Print all of the records below again without a single difference.

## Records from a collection
──────
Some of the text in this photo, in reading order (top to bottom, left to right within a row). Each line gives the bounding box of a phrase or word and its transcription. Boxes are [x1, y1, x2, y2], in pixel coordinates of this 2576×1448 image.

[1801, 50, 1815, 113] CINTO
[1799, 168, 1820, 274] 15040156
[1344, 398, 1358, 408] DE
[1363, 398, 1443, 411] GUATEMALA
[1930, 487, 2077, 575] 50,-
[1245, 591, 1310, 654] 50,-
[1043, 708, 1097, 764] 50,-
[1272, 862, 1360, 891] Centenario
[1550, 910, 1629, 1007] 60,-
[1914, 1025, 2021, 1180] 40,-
──────
## EXERCISE RESPONSE
Some of the text in this photo, in reading order (top to bottom, left to right within a row). Each line gives the bounding box of a phrase or word and its transcription. Boxes are [x1, y1, x2, y2], in pixel coordinates of this 2576×1448 image.

[1801, 50, 1815, 113] CINTO
[1799, 168, 1820, 274] 15040156
[1344, 398, 1358, 408] DE
[1363, 398, 1443, 411] GUATEMALA
[1930, 487, 2077, 575] 50,-
[1245, 591, 1310, 654] 50,-
[1043, 708, 1097, 764] 50,-
[1272, 862, 1360, 891] Centenario
[1550, 910, 1629, 1007] 60,-
[1914, 1025, 2021, 1180] 40,-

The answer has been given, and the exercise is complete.